DATA IN THIS EXERCISE:
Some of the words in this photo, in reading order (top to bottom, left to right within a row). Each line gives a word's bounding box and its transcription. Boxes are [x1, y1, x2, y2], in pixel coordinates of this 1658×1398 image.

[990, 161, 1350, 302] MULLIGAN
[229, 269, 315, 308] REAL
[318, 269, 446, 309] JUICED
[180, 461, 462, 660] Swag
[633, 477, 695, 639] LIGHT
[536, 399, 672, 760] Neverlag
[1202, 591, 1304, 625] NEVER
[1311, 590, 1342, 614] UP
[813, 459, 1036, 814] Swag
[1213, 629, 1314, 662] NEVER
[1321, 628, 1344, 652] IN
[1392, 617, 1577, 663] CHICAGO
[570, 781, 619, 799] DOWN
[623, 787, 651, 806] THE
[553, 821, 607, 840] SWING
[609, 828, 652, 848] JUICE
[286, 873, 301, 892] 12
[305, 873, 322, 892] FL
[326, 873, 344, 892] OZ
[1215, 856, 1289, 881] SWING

WHAT YOU ARE ASKED TO DO:
Give back the material exactly as it is shown above.

EXPECTED OUTPUT:
Some of the words in this photo, in reading order (top to bottom, left to right within a row). Each line gives a word's bounding box and its transcription. Boxes are [x1, y1, x2, y2], in pixel coordinates of this 1658×1398 image.

[990, 161, 1350, 302] MULLIGAN
[229, 269, 315, 308] REAL
[318, 269, 446, 309] JUICED
[180, 461, 462, 660] Swag
[633, 477, 695, 639] LIGHT
[536, 399, 672, 760] Neverlag
[1202, 591, 1304, 625] NEVER
[1311, 590, 1342, 614] UP
[813, 459, 1036, 814] Swag
[1213, 629, 1314, 662] NEVER
[1321, 628, 1344, 652] IN
[1392, 617, 1577, 663] CHICAGO
[570, 781, 619, 799] DOWN
[623, 787, 651, 806] THE
[553, 821, 607, 840] SWING
[609, 828, 652, 848] JUICE
[286, 873, 301, 892] 12
[305, 873, 322, 892] FL
[326, 873, 344, 892] OZ
[1215, 856, 1289, 881] SWING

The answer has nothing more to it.